[Opening DATA SHOWN section]

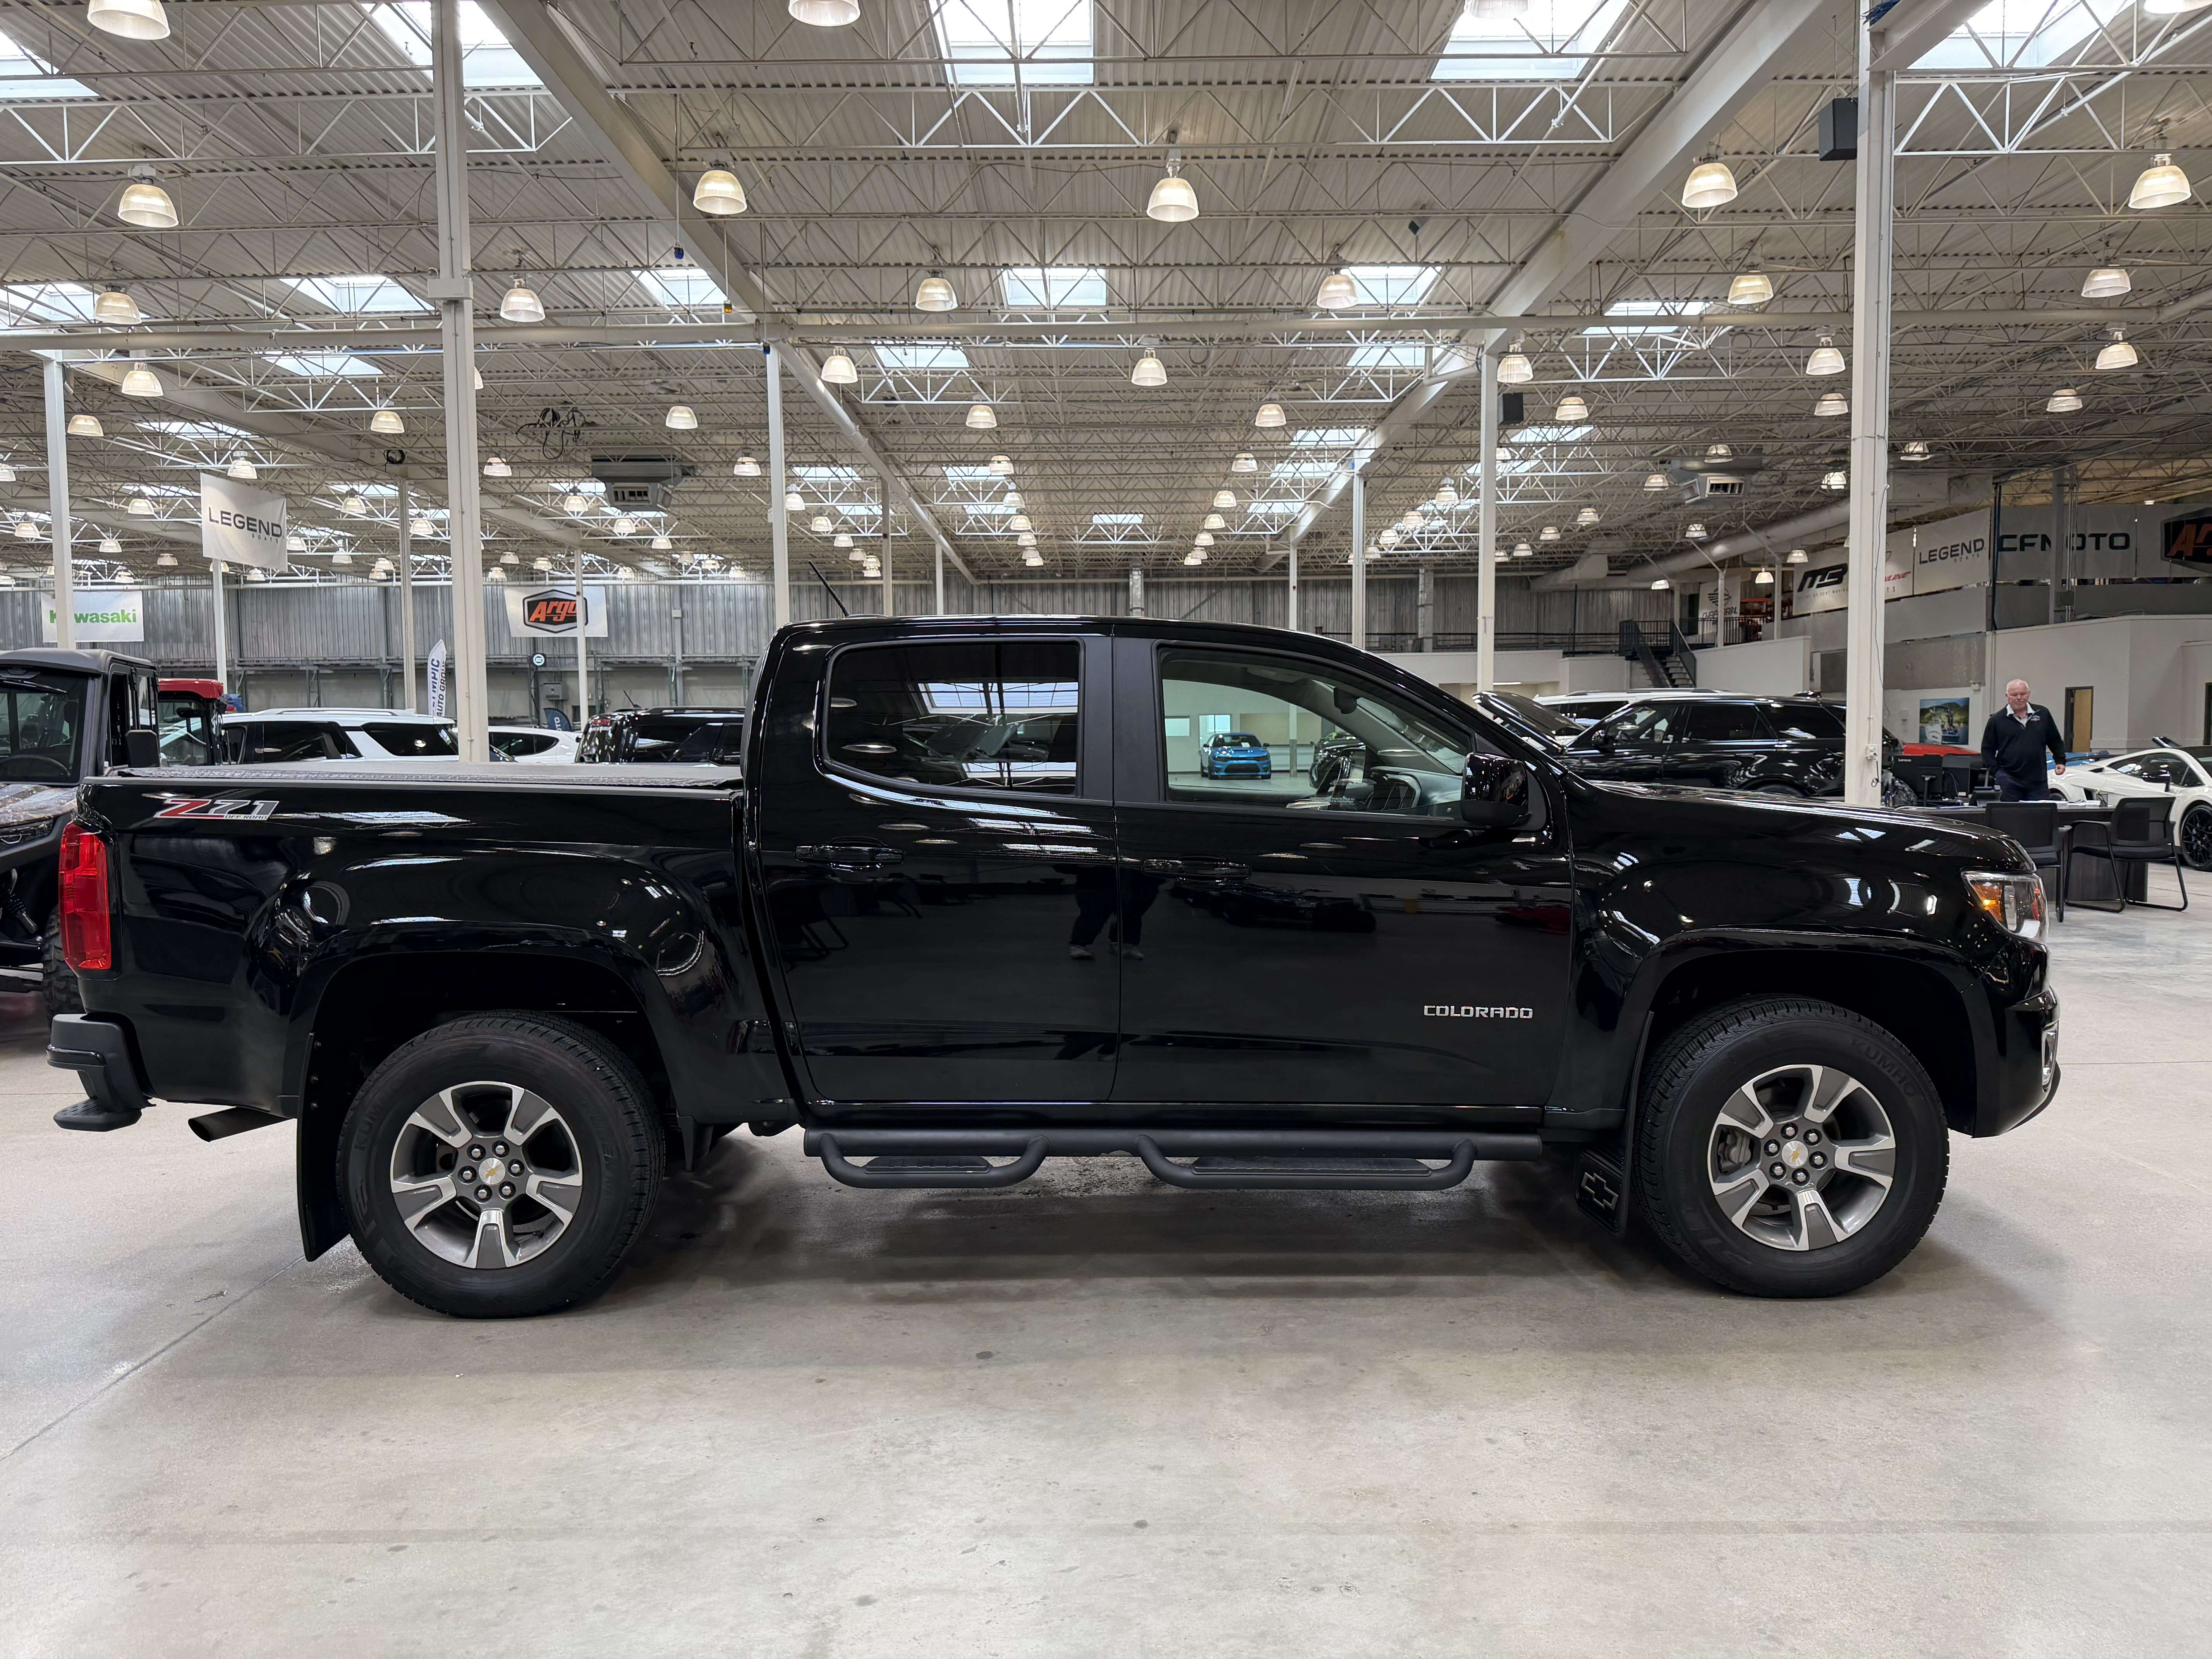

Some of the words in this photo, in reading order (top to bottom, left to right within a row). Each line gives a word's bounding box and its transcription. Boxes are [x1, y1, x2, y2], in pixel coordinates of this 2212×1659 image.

[209, 507, 282, 538] LEGEND
[252, 533, 278, 543] BOATS
[1920, 539, 1984, 564] LEGEND
[50, 609, 136, 623] Kwasaki
[154, 799, 279, 819] Z71
[1424, 1005, 1533, 1018] COLORADO
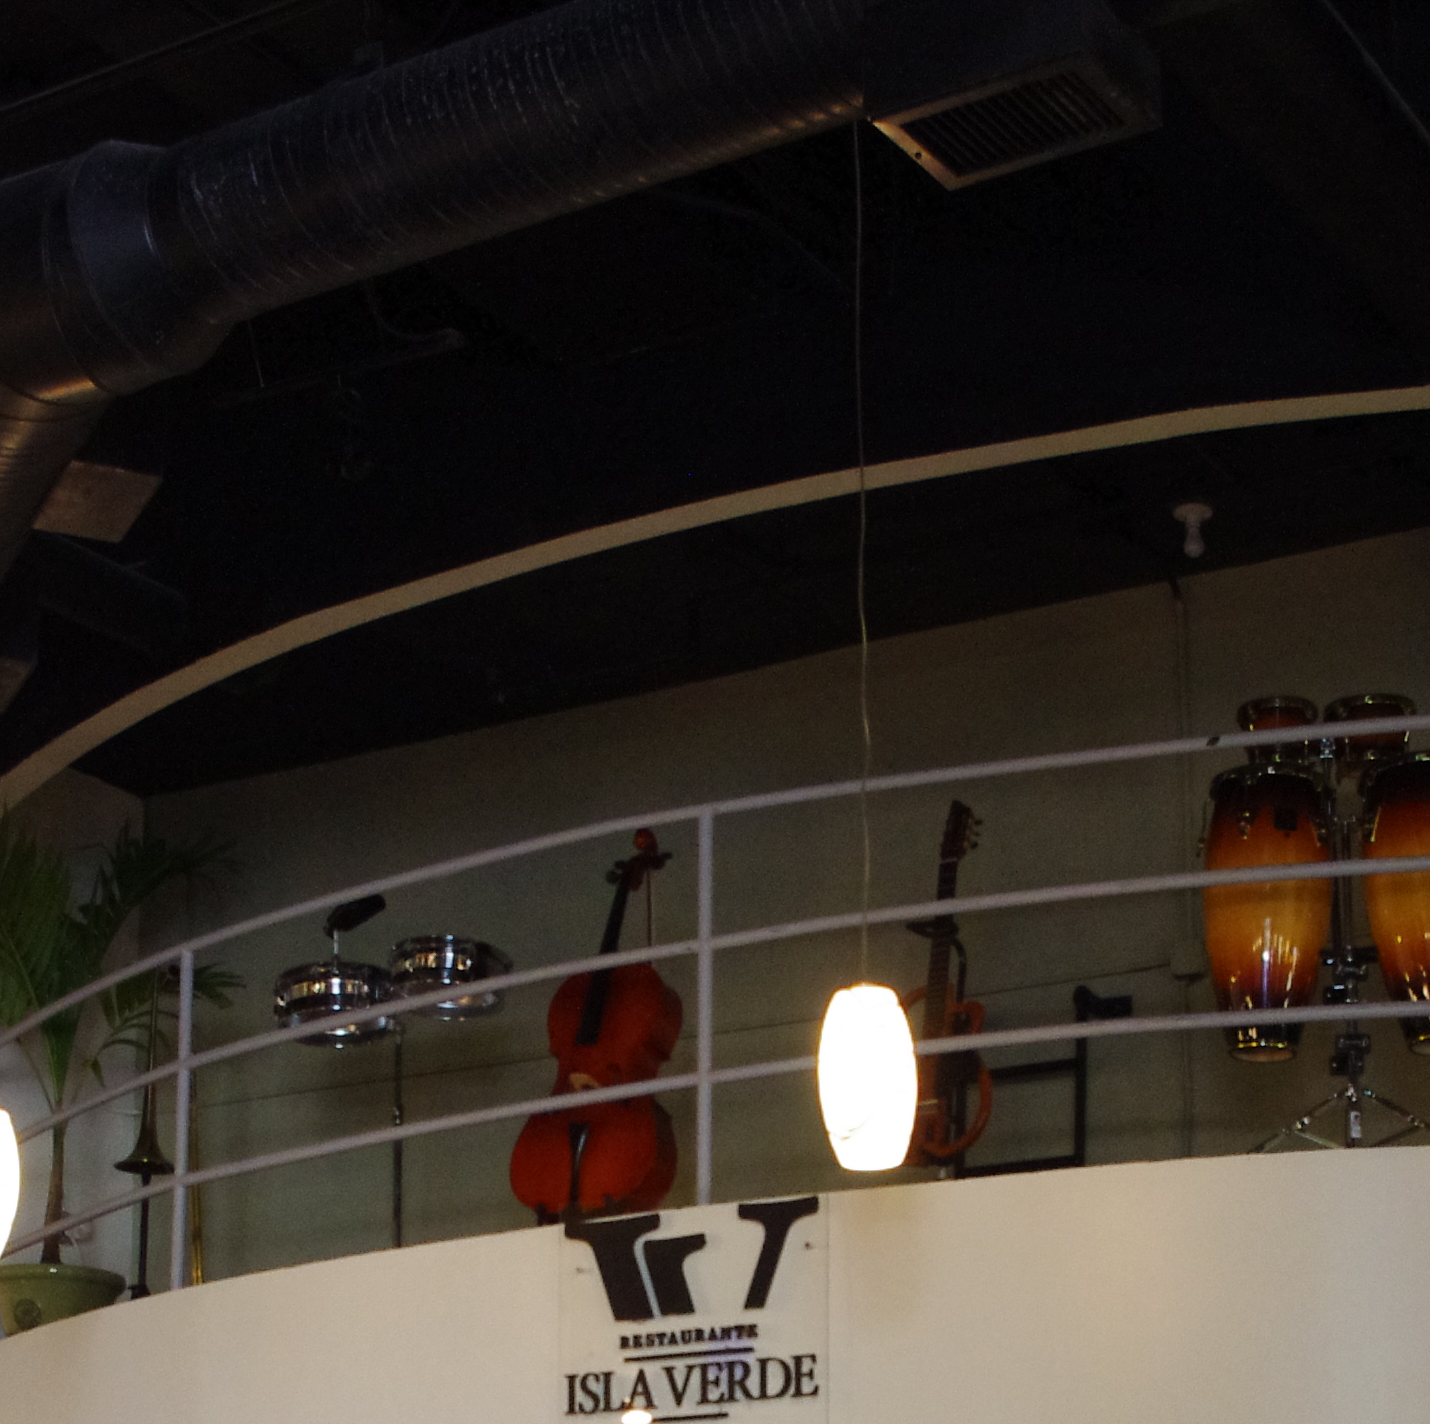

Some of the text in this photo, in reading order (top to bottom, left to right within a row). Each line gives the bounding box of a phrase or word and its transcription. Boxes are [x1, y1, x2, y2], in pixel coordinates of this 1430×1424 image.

[619, 1323, 759, 1350] RESTAURANTE
[565, 1353, 819, 1416] ISLA VERDE

[Closing DATA SHOWN section]

■ BRIEF
Output the full set of records above without changing a word, and drop the images.

■ WRITTEN ANSWER
Some of the words in this photo, in reading order (top to bottom, left to right within a row). Each line gives a word's bounding box and its transcription. Boxes are [x1, y1, x2, y2], in pixel coordinates of this 2212×1659 image.

[209, 507, 282, 538] LEGEND
[252, 533, 278, 543] BOATS
[1920, 539, 1984, 564] LEGEND
[50, 609, 136, 623] Kwasaki
[154, 799, 279, 819] Z71
[1424, 1005, 1533, 1018] COLORADO

Some of the text in this photo, in reading order (top to bottom, left to right within a row). Each line gives the bounding box of a phrase or word and its transcription. Boxes are [x1, y1, x2, y2], in pixel coordinates of this 1430×1424 image.

[619, 1323, 759, 1350] RESTAURANTE
[565, 1353, 819, 1416] ISLA VERDE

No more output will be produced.